On the boat to Norway, from Newcastle to Bergen via Stavanger and Haugesunt
Bergen Travel Blog› entry 9 of 17 › view all entries
I can remember from the past that I got very bored on the boat. Only after twenty minutes I had seen everything and sailing on an empty lake or see was terribly boring.
The boat to Norway takes a whole night and the biggest part of the day. And yet it isn't boring (anymore??).
On the boat is enough to do: shopping in different shops, have tea or coffee in one of the bars, eat in the restaurants, and sit and watch the world go by. (and for the kids there is the Pirates club).
The first stop is Stavanger. Near Stavanger patches of land pop above sea level, little islands greet us. When we see the land, coloured houses stand on green grass or on rocks near extremely calm water (just like scenery on a model train)

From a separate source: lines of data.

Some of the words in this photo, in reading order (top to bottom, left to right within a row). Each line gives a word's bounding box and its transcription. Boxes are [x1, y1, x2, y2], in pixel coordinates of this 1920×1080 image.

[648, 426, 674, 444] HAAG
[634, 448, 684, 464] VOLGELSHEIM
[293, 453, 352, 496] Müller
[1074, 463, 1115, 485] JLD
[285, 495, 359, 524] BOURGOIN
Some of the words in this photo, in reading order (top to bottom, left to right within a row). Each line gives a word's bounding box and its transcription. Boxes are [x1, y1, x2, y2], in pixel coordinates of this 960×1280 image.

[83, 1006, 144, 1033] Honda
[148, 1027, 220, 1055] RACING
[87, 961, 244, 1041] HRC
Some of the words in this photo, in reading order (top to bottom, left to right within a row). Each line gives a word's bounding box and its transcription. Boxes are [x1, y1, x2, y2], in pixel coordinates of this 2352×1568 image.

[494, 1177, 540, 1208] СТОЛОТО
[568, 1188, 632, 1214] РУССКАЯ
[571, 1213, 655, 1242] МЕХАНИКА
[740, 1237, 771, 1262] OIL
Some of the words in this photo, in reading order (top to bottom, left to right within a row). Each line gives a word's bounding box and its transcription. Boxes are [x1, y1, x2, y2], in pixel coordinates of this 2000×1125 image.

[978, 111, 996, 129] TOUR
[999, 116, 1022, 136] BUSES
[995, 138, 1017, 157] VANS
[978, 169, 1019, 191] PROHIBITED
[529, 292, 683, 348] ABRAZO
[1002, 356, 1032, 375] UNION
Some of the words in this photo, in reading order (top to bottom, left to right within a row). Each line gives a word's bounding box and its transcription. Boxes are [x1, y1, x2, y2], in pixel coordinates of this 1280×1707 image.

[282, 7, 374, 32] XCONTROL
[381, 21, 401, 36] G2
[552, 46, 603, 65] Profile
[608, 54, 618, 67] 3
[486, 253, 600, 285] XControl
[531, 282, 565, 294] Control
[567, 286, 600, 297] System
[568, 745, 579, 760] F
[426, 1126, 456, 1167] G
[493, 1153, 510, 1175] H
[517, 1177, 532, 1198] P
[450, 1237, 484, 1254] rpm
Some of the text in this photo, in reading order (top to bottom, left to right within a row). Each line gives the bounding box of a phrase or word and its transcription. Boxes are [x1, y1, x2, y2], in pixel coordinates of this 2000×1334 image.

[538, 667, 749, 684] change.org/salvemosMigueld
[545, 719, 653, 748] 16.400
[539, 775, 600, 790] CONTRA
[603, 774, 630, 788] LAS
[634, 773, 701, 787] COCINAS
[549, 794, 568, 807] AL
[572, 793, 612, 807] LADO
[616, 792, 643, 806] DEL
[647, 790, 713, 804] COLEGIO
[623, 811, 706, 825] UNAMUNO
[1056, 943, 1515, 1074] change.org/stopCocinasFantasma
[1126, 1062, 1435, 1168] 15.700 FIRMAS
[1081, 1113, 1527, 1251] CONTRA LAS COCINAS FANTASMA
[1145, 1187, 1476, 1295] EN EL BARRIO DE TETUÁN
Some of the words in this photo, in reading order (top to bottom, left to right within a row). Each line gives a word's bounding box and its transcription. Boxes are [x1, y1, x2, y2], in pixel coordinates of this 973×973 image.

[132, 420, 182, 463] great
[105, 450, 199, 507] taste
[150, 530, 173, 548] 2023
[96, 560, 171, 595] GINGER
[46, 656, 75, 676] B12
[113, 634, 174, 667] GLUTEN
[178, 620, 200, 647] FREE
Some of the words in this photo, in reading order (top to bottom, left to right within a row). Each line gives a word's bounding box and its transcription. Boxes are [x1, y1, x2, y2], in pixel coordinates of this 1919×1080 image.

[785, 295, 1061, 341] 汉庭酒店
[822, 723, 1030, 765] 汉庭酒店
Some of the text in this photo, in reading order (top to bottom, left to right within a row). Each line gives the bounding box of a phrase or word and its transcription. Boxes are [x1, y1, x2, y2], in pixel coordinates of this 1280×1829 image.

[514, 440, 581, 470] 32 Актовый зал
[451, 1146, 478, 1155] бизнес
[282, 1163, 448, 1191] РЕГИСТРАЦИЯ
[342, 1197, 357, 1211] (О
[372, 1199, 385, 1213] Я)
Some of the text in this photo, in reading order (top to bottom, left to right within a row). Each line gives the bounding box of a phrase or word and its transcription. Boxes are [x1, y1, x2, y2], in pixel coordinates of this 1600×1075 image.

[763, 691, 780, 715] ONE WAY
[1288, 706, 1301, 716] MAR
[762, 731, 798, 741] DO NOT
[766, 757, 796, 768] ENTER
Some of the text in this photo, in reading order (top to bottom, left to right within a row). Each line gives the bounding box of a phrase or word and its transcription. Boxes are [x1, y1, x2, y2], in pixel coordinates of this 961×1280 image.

It seems to take much to long to stop to have some cars unloaded, but from the top we have a great view.
In Haugesunt it is the same procedure, only the sea is different, it is calm, but it is like we sail on sweet water (but we aren't:)
In Bergen we have to get out. it is about 5 o'clock. Customs are helped by a young policeman, who is friendly, but doesn't know that there are identity-cards and passports. After some time we may continue to our camping.
Driving in Norway:) another speed every 200 metres, 50, 80, 60, 70, 60, it goes on and on, as if drivers need to be told before every bend how fast they may go.
And every second kilometre you will find a tunnel: a great way to take a shortcut.
We come to our camping and find our wandlerhutte. A nice and clean cabin, built to be lived in by a family.
The first stop today (evening) is McDonald:) that is situated in a really nice house. We have Big Mac menu's and McNuggets. The second stop was almost the hospital (coronary surgery: I have never ever had a bill this big at a MD) but the tasty hamburgers ...
We walk around in the historical town and harbour. The water is high here, no wonder people are concerned with sea level rising in the coming century. The old wooden houses are well kept. I'm sorry to have no pics.
Back on the camping I ask about how to pay for the toll for the roads, but they told me not to bother as a foreigner:) (and I never heard of it again)
They say it rains every day in Bergen, so we had a bit of rain around nine pm. After the rain it stayed light awfully long, so we walked around the camping to the lake, and until late we had some wine with a nice German couple.